PDGF-BB-mediated activation of CREB in vascular smooth muscle cells alters cell cycling via Rb, FoxO1 and p27kip1.

INTRODUCTION & AIM: The vascular response to injury leads to the secretion of several factors, including platelet-derived growth factor (PDGF-BB). PDGF-BB stimulates smooth muscle cell (SMC) conversion to the synthetic phenotype, thereby enhancing proliferation and migration, and contributing to neointimal hyperplasia. Likewise, the cAMP response element binding protein (CREB) transcription factor has been shown to mediate SMC proliferation in response to various mitogens.
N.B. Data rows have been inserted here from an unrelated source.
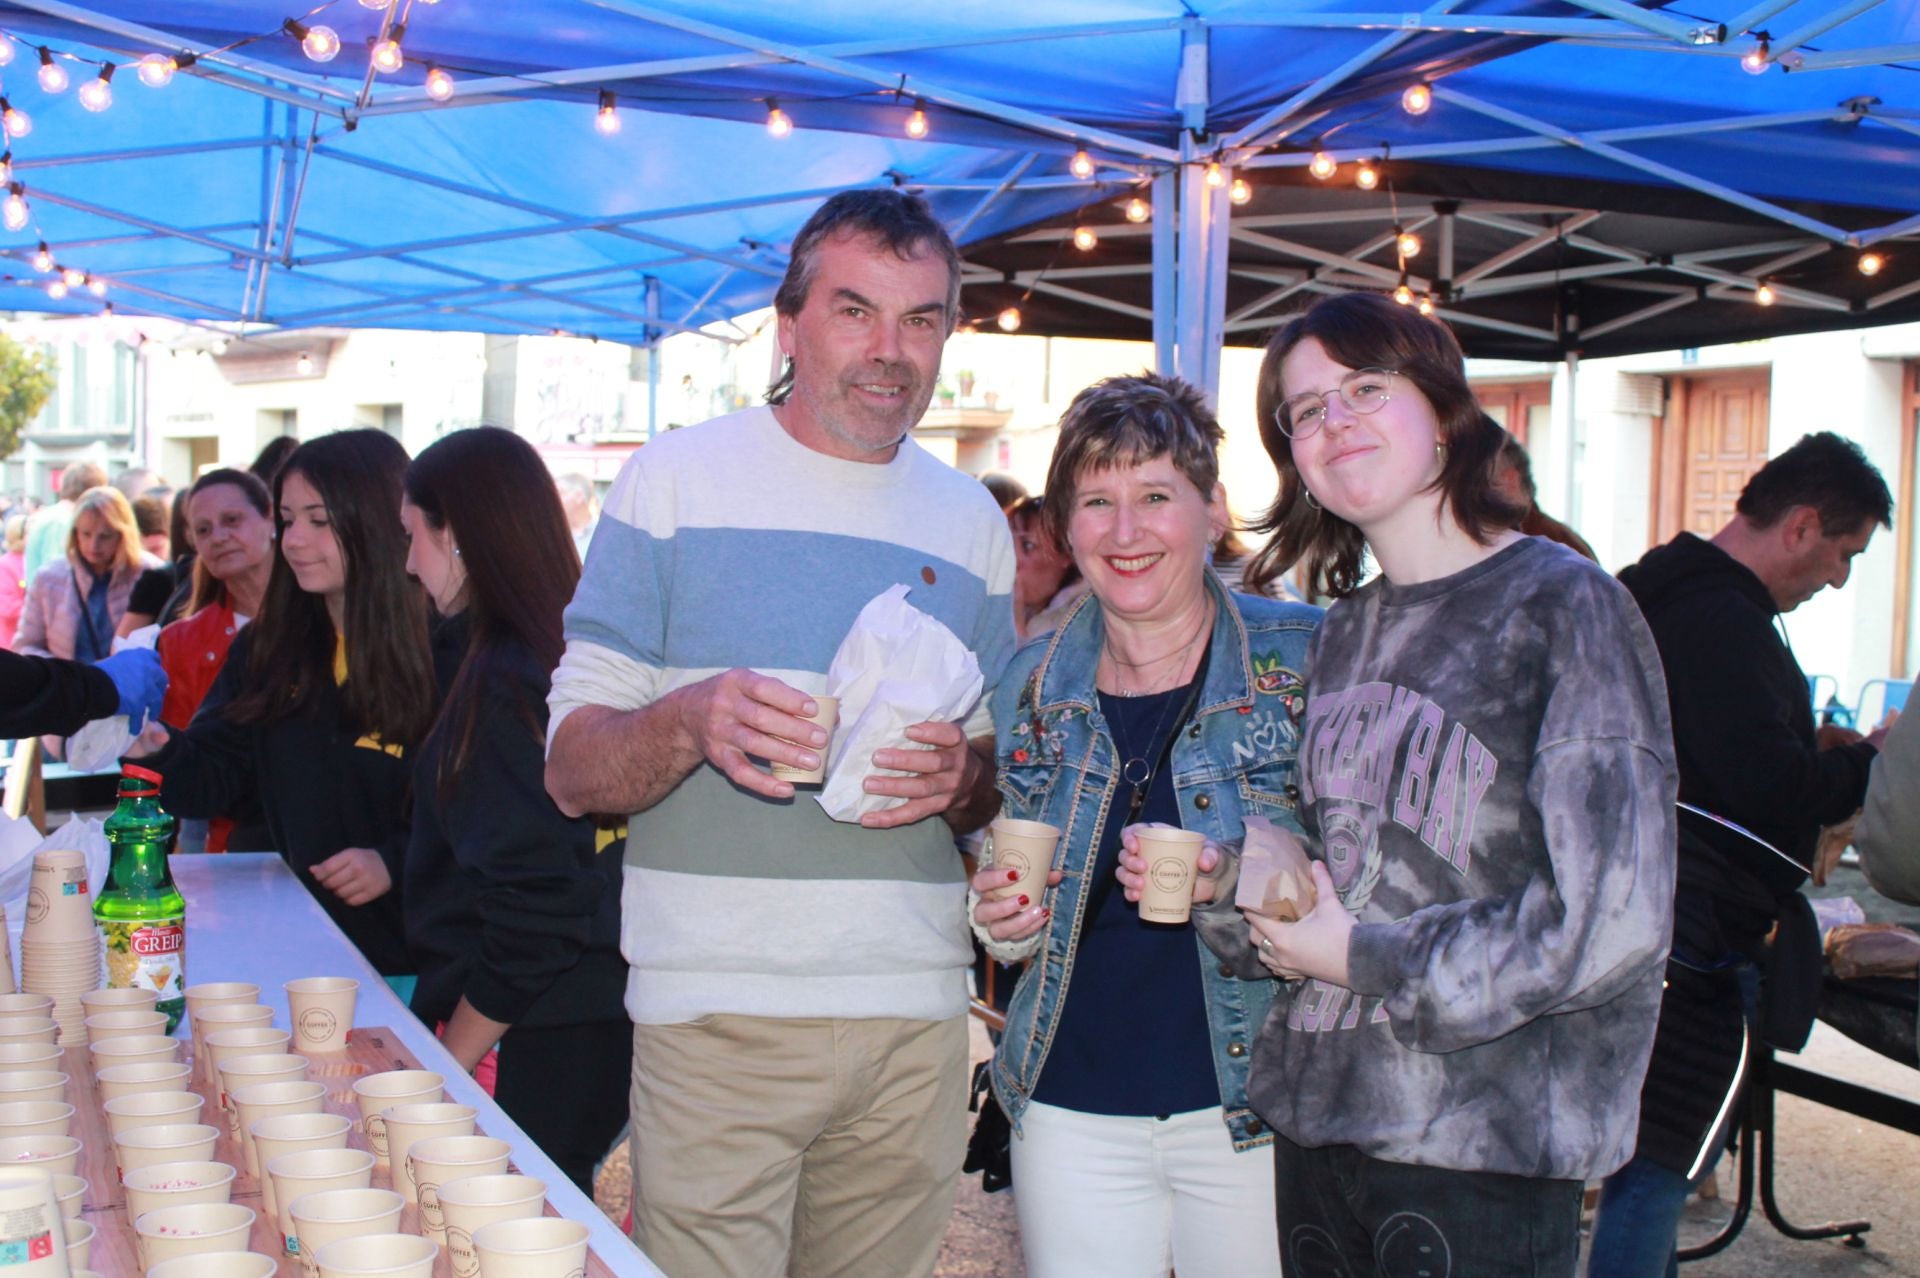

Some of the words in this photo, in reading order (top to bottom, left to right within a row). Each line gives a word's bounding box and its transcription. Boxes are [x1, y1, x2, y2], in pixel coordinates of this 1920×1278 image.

[1301, 681, 1421, 824] THERN
[1392, 699, 1498, 877] BAY
[134, 933, 182, 953] GREIP
[306, 1020, 329, 1029] COFFEE
[371, 1131, 387, 1139] COFF
[422, 1200, 441, 1211] COFFE
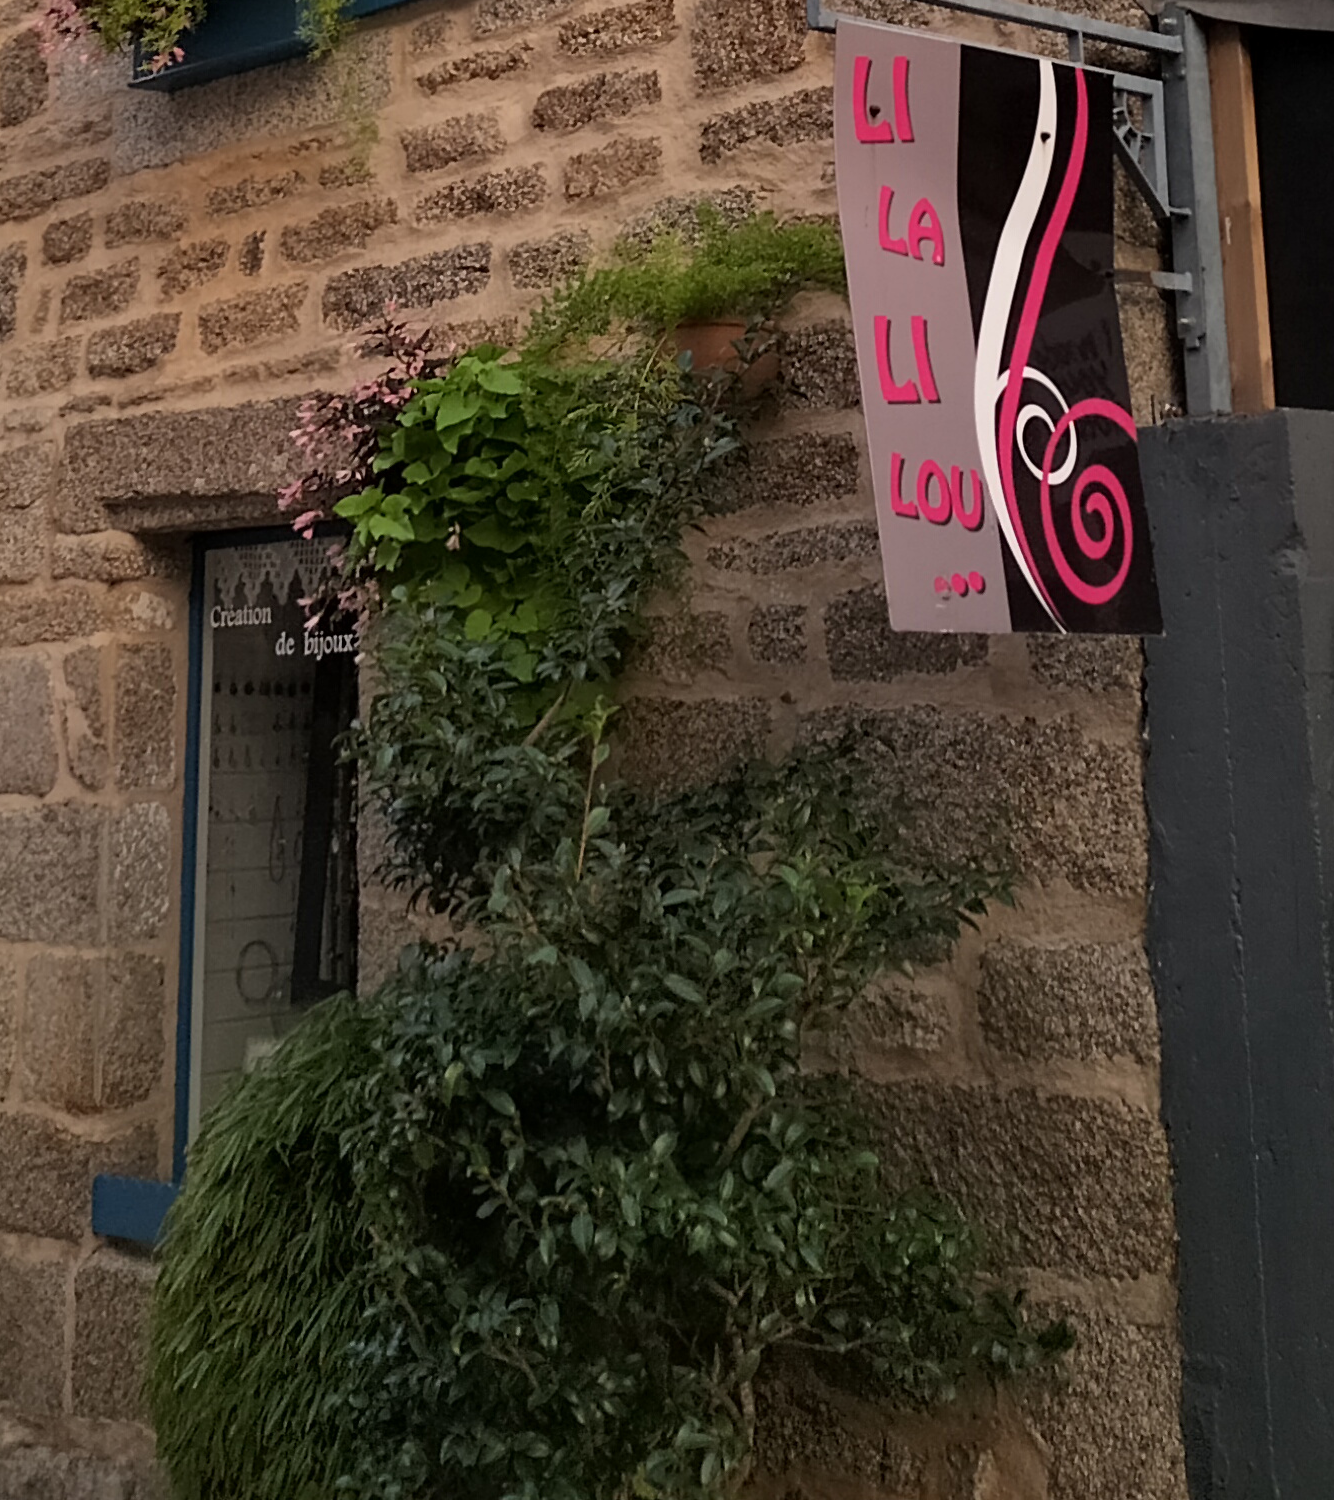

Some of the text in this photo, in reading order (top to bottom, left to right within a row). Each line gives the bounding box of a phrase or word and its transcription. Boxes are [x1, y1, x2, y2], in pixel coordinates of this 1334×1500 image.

[853, 56, 915, 143] LI
[878, 185, 945, 267] LA
[874, 315, 941, 405] LI
[890, 452, 985, 533] LOU
[210, 604, 272, 629] Création
[275, 630, 354, 661] de bijoux
We therefore investigated the contribution of CREB to PDGF-BB-dependent proliferation of SMCs with the intention of identifying signaling pathways involved both up and downstream of CREB activation. METHODS & RESULTS: Treatments were performed on vascular SMCs from a porcine coronary artery explant model. The role of CREB was examined via adenoviral expression of a dominant-negative CREB mutant (kCREB) as well as inhibition of CREB binding protein (CBP). Involvement of the p27kip1 pathway was determined using a constitutively expressing p27kip1 adenoviral vector. PDGF-BB stimulated transient CREB phosphorylation on Ser-133 via ERK1/2-, PI3-kinase- and Src-dependent pathways. Expression of kCREB decreased PDGF-BB-dependent cell proliferation. PCNA expression and Rb phosphorylation were also inhibited by kCREB. These cell cycle proteins are controlled via p27kip1 expression in response to CREB-dependent post-translational modification of FoxO1. kCREB had no effect on Cyclin D1 expression, but did prevent PDGF-BB-induced Cyclin D1 nuclear translocation. An interaction inhibitor of CBP confirmed that Cyclin D1 is downstream of PDGF-BB and CREB. CONCLUSION: CREB phosphorylation is required for SMC proliferation in response to PDGF-BB. This phenotypic change requires CBP and is mediated by Cyclin D1 and p27kip as a result of changes in FoxO1 activity.